» Aim of the exercise: Ignoring the pictures, copy the data exactly.

» Working data:
.....

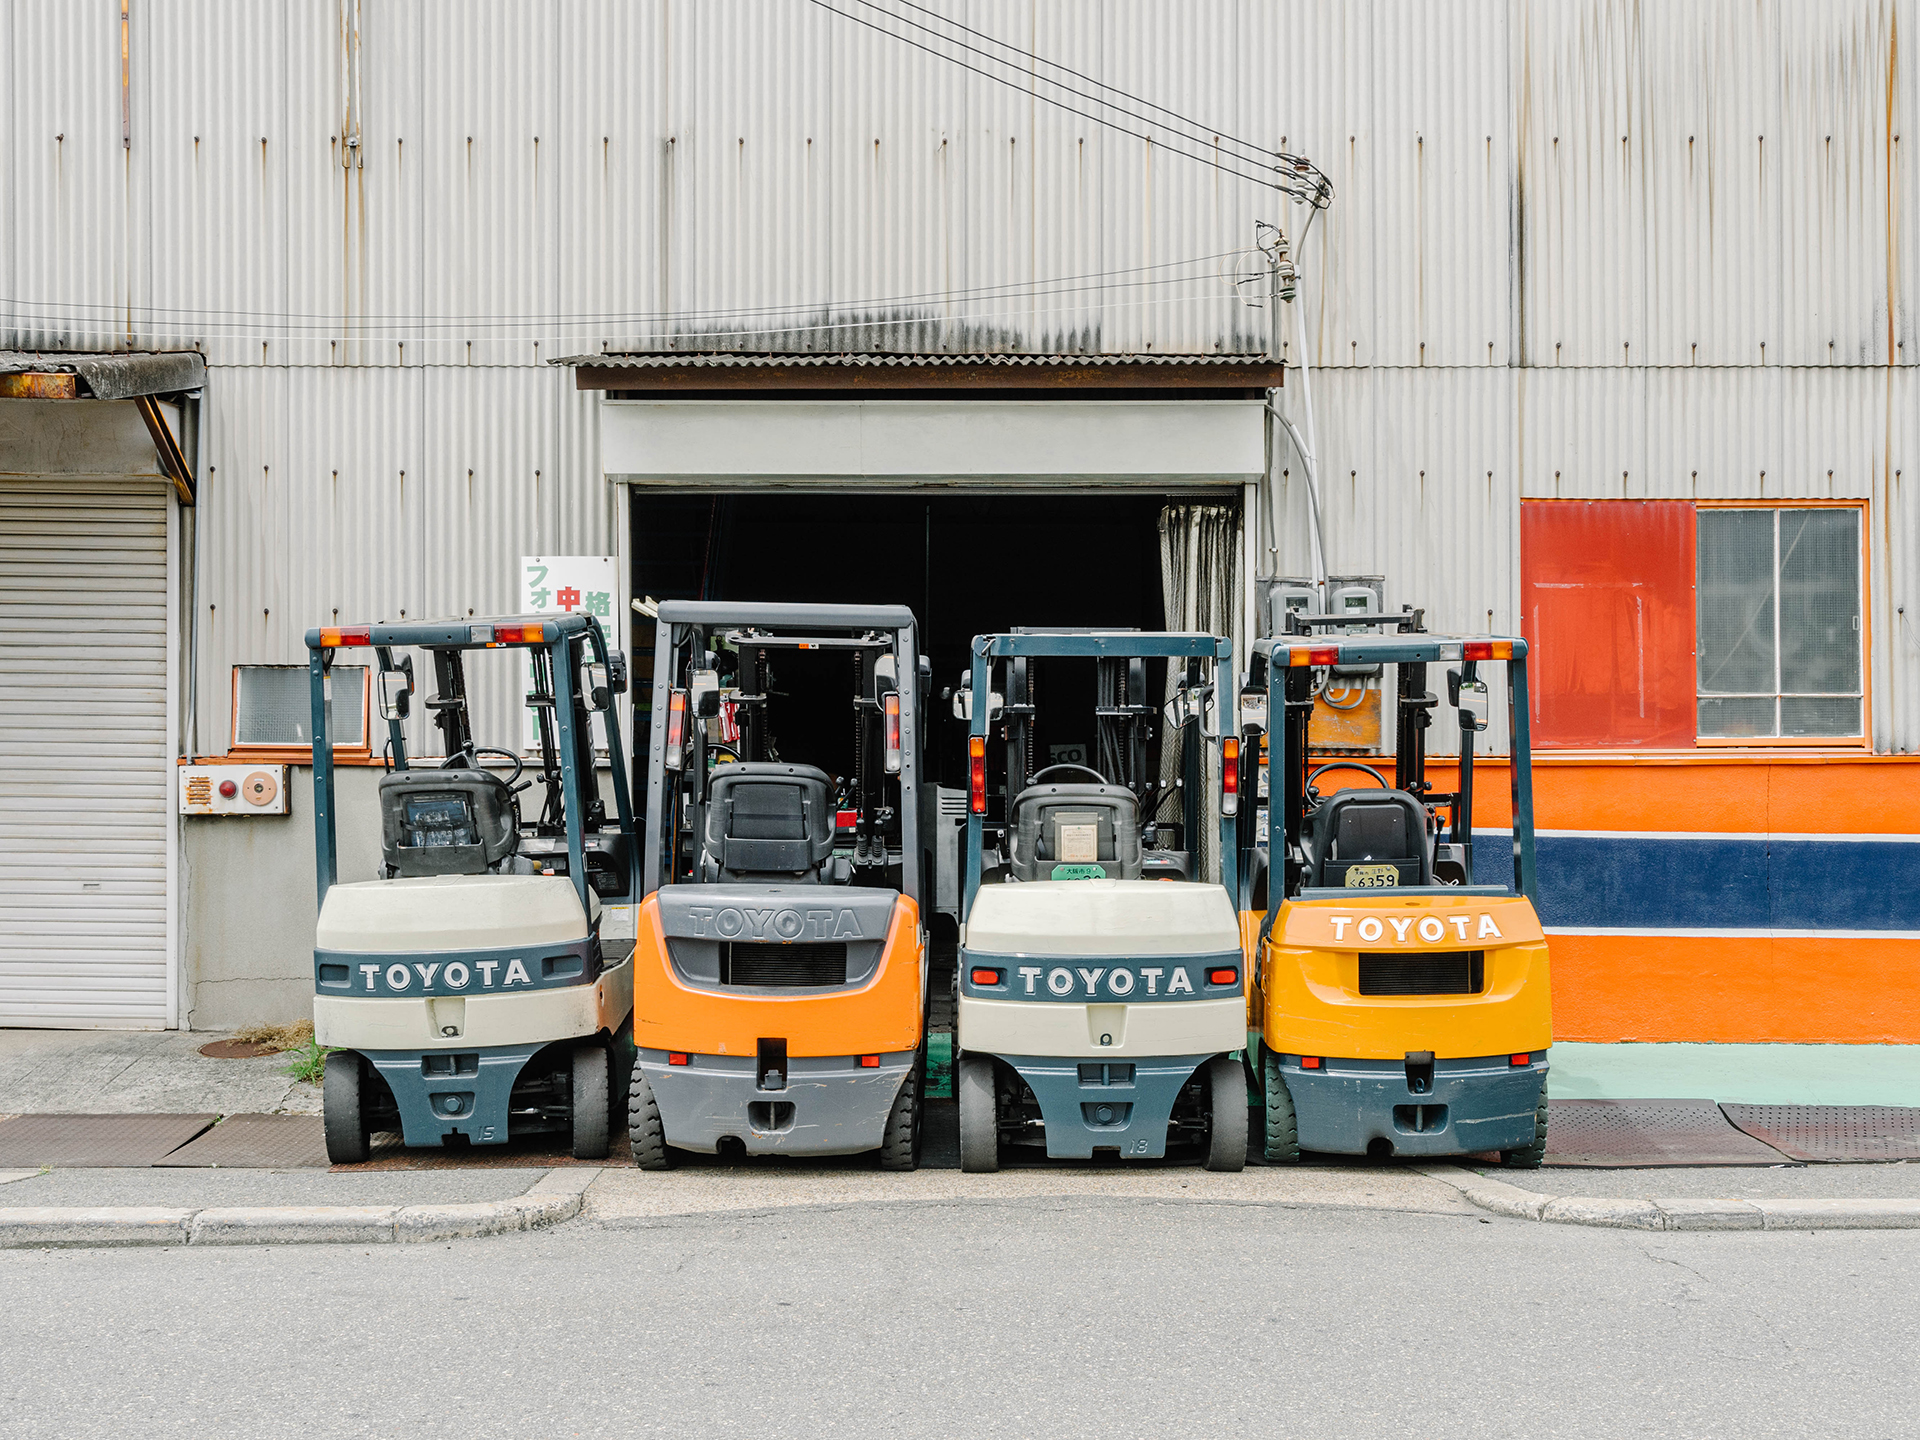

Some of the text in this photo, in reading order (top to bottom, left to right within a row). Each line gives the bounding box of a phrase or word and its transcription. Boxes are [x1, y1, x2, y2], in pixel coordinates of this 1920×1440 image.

[688, 906, 864, 940] TOYOTA
[1328, 913, 1503, 943] TOYOTA
[358, 958, 534, 992] TOYOTA
[1018, 965, 1196, 997] TOYOTA
[478, 1125, 495, 1141] 15
[1130, 1139, 1149, 1154] 18

.....

» Answer to the exercise:
Some of the text in this photo, in reading order (top to bottom, left to right within a row). Each line gives the bounding box of a phrase or word and its transcription. Boxes are [x1, y1, x2, y2], in pixel coordinates of this 1920×1440 image.

[688, 906, 864, 940] TOYOTA
[1328, 913, 1503, 943] TOYOTA
[358, 958, 534, 992] TOYOTA
[1018, 965, 1196, 997] TOYOTA
[478, 1125, 495, 1141] 15
[1130, 1139, 1149, 1154] 18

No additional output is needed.